Sethi D, Wheeler J, Rodrigues L C, Fox S, Roderick P
MRC Epidemiology and Medical Care Unit, Wolfson Institute of Preventive Medicine, St Bartholomew's and the Royal London Hospital School of Medicine and Dentistry, UK.
Int J Epidemiol. 1999 Feb;28(1):106-12. doi: 10.1093/ije/28.1.106.
One of the aims of the Study of Infectious Intestinal Disease (IID) in England is to estimate the incidence of IID presenting to general practice. This sub-study aims to estimate and correct the degree of under-ascertainment in the national study.
Cases of presumed IID which presented to general practice in the national study had been ascertained by their GP. In 26 general practices, cases with computerized diagnoses suggestive of IID were identified retrospectively.
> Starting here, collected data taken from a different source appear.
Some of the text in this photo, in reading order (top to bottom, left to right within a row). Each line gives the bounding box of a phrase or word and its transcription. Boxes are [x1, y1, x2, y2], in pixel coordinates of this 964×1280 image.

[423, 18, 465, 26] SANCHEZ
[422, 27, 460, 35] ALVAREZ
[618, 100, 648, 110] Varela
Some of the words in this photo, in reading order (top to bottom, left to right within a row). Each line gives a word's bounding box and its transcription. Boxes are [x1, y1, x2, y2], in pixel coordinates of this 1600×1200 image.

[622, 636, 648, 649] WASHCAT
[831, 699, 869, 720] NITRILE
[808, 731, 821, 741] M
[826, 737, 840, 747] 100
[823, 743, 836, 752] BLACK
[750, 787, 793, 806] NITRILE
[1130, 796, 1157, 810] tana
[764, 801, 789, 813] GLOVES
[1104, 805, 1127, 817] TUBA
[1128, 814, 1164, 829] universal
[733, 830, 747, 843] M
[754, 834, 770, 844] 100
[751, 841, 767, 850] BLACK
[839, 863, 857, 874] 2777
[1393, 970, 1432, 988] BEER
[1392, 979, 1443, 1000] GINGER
Cases which fulfilled the case definition of IID and should have been ascertained to the coordinating centre but were not, represented the under-ascertainment. Logistic regression modelling was used to identify independent factors which influenced under-ascertainment.
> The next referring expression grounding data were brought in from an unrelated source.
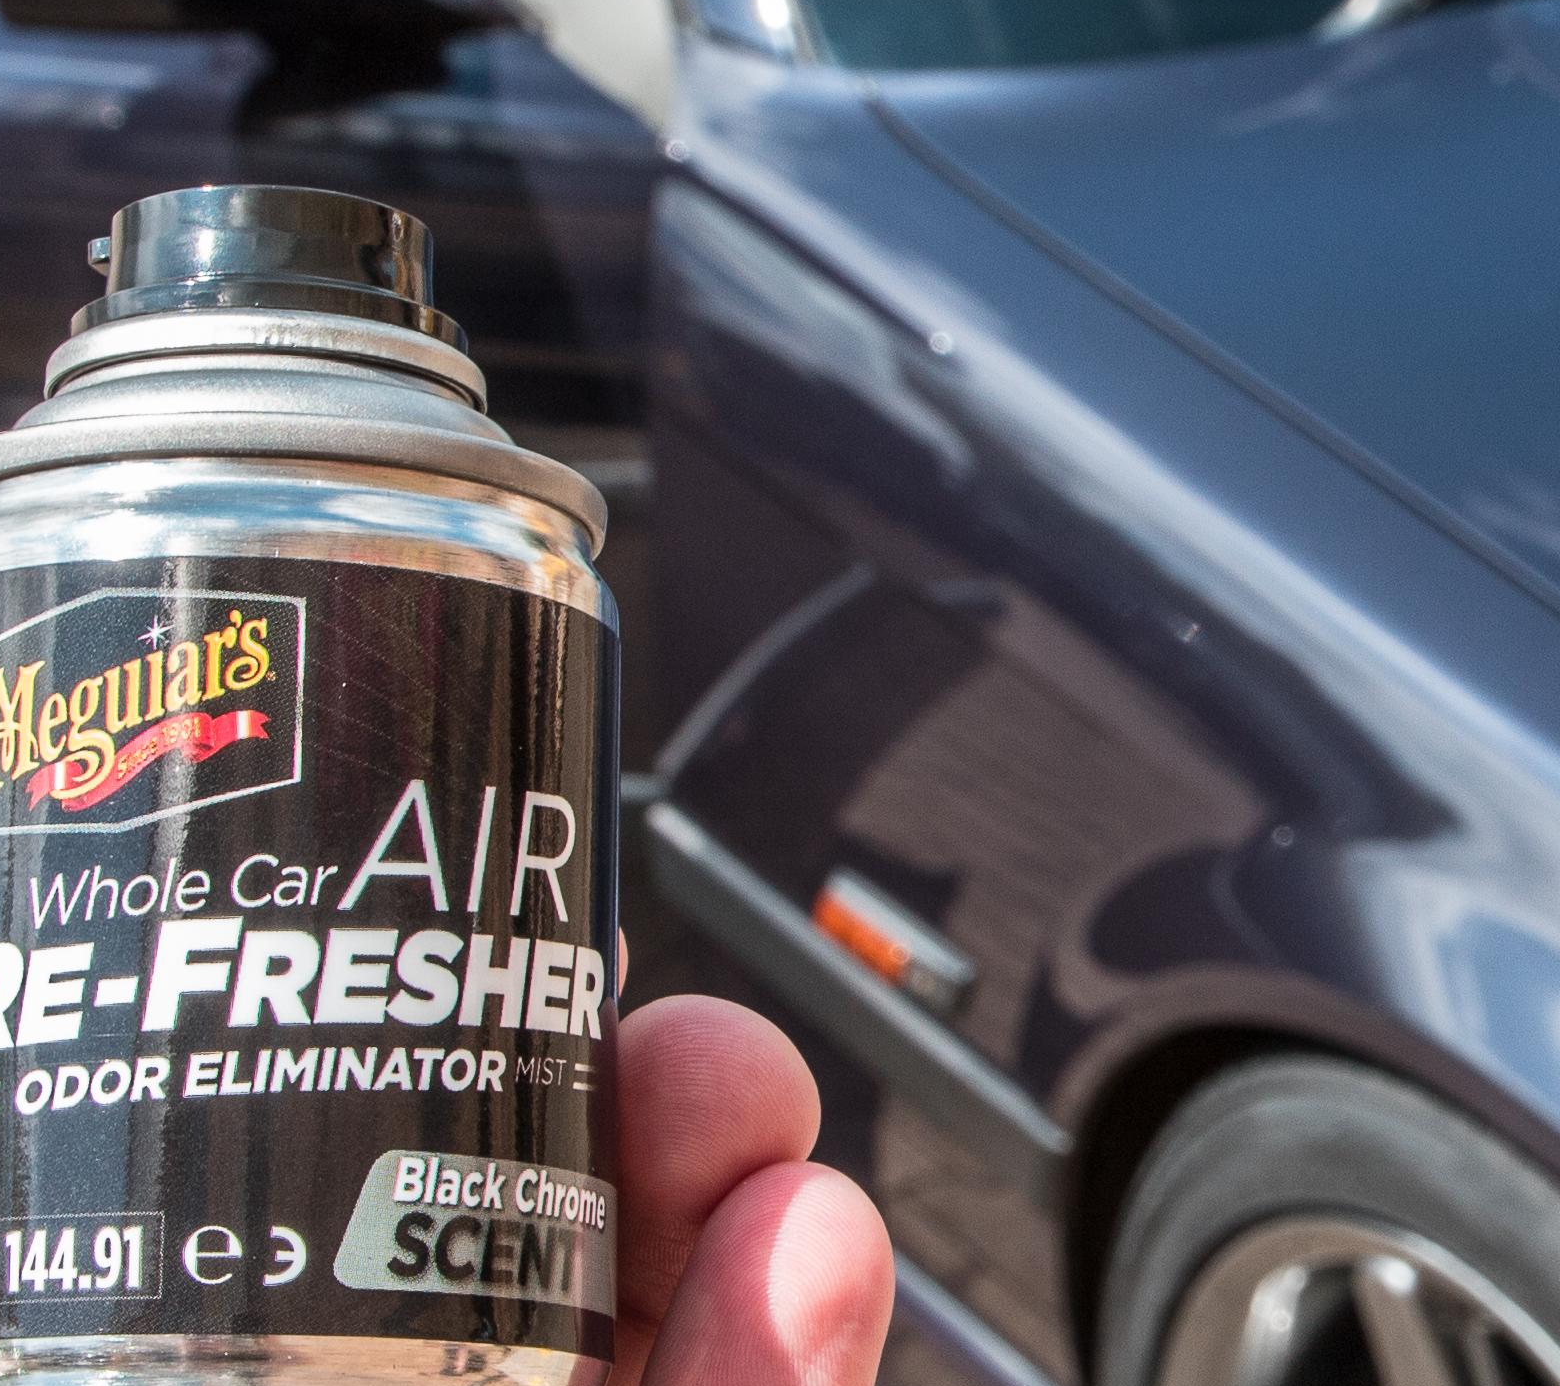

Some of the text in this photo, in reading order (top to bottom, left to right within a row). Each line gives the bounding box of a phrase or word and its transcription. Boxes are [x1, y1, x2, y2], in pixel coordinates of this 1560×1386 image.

[29, 778, 577, 931] Whole Car AIR
[13, 1046, 567, 1116] ODOR ELIMINATOR MIST
[393, 1156, 606, 1230] Black Chrome
[4, 1224, 144, 1294] 144.91
[387, 1210, 583, 1293] SCENT
The records of 2021 patients were examined, 1514 were eligible and should have been ascertained but only 974 (64%) were. There was variation in ascertainment between the practices (30% to 93%). Patient-related factors independently associated with ascertainment were: i) vomiting only as opposed to diarrhoea with and without vomiting (OR 0.37) and ii) consultation in the surgery as opposed to at home (OR 2.18). Practice-related factors independently associated with ascertainment were: i) participation in the enumeration study component (OR 1.78), ii) a larger number of partners (OR 0.3 for 7-8 partners); iii) rural location (OR 2.27) and iv) previous research experience (OR 1.92). Predicted ascertainment percentages were calculated according to practice characteristics.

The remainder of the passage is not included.